A novel method of chronic optical imaging based on new voltage-sensitive dyes (VSDs) was developed to facilitate the explorations of the spatial and temporal patterns underlying higher cognitive functions in the neocortex of behaving monkeys. Using this system, we were able to explore cortical dynamics, with high spatial and temporal resolution, over period of ≤1 yr from the same patch of cortex. The visual cortices of trained macaques were stained one to three times a week, and immediately after each staining session, the monkey started to perform the behavioral task, while the primary and secondary visual areas (V1 and V2) were imaged with a fast optical imaging system. Long-term repeated VSD imaging (VSDI) from the same cortical area did not disrupt the normal cortical architecture as confirmed repeatedly by optical imaging based on intrinsic signals. The spatial patterns of functional maps obtained by VSDI were essentially identical to those obtained from the same patch of cortex by imaging based on intrinsic signals. On comparing the relative amplitudes of the evoked signals and differential map obtained using these two different imaging methodologies, we found that VSDI emphasizes subthreshold activity more than imaging based on intrinsic signals, that emphasized more spiking activity. The latency of the VSD-evoked response in V1 ranged from 46 to 68 ms in the different monkeys. The amplitude of the V2 response was only 20−60% of that in V1. As expected from the anatomy, the retinotopic responses to local visual stimuli spread laterally across the cortical surface at a spreading velocity of 0.15−0.19 m/s over a larger area than that expected by the classical magnification factor, reaching its maximal anisotropic spatial extent within ∼40 ms.
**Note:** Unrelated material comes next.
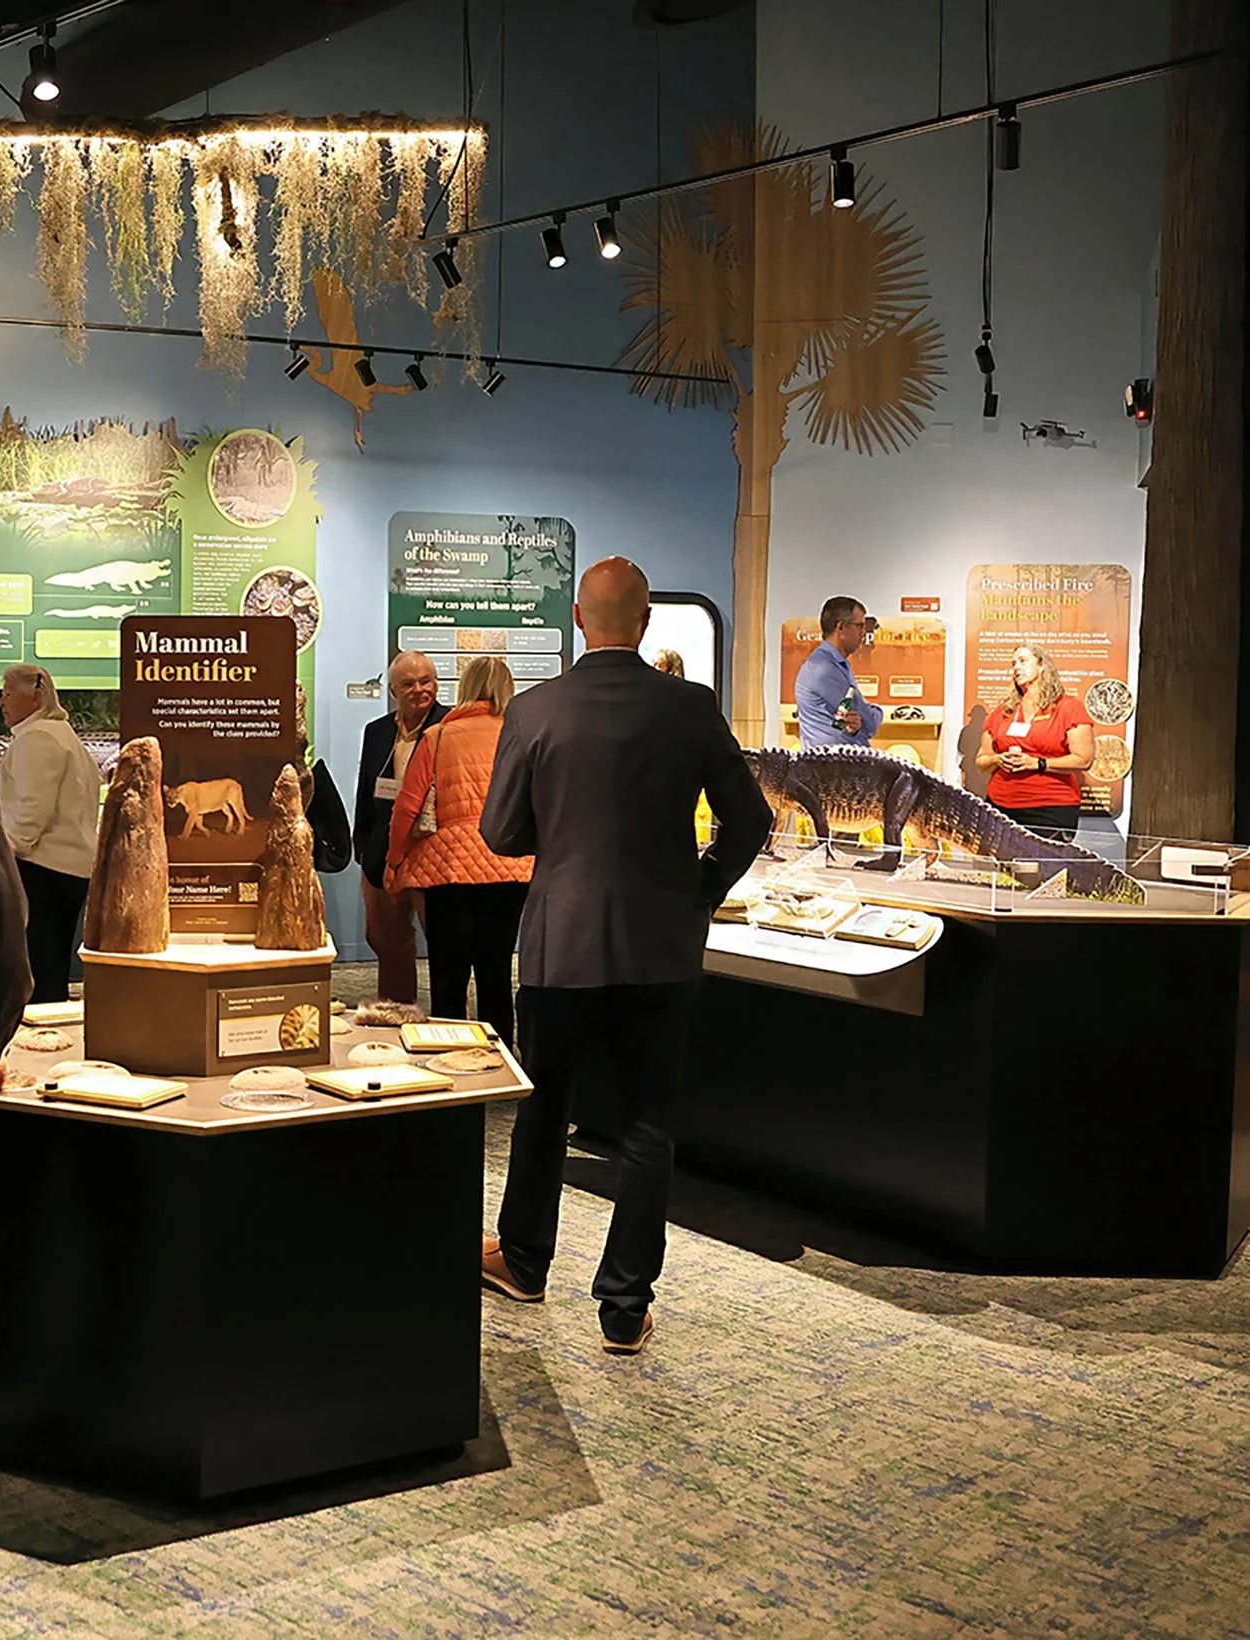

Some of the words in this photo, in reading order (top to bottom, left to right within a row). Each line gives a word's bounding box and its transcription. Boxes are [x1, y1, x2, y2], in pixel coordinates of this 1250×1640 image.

We correlated the observed dynamics of cortical activation patterns with the monkey's saccadic eye movements and found that due to the slow offset of the cortical response relative to its onset, there was a short period of simultaneous activation of two distinct patches of cortex following a saccade to the visual stimulus. We also found that a saccade to a small stimulus was followed by direct transient activation of a cortical region in areas of V1 and V2, located retinotopically within the saccadic trajectory.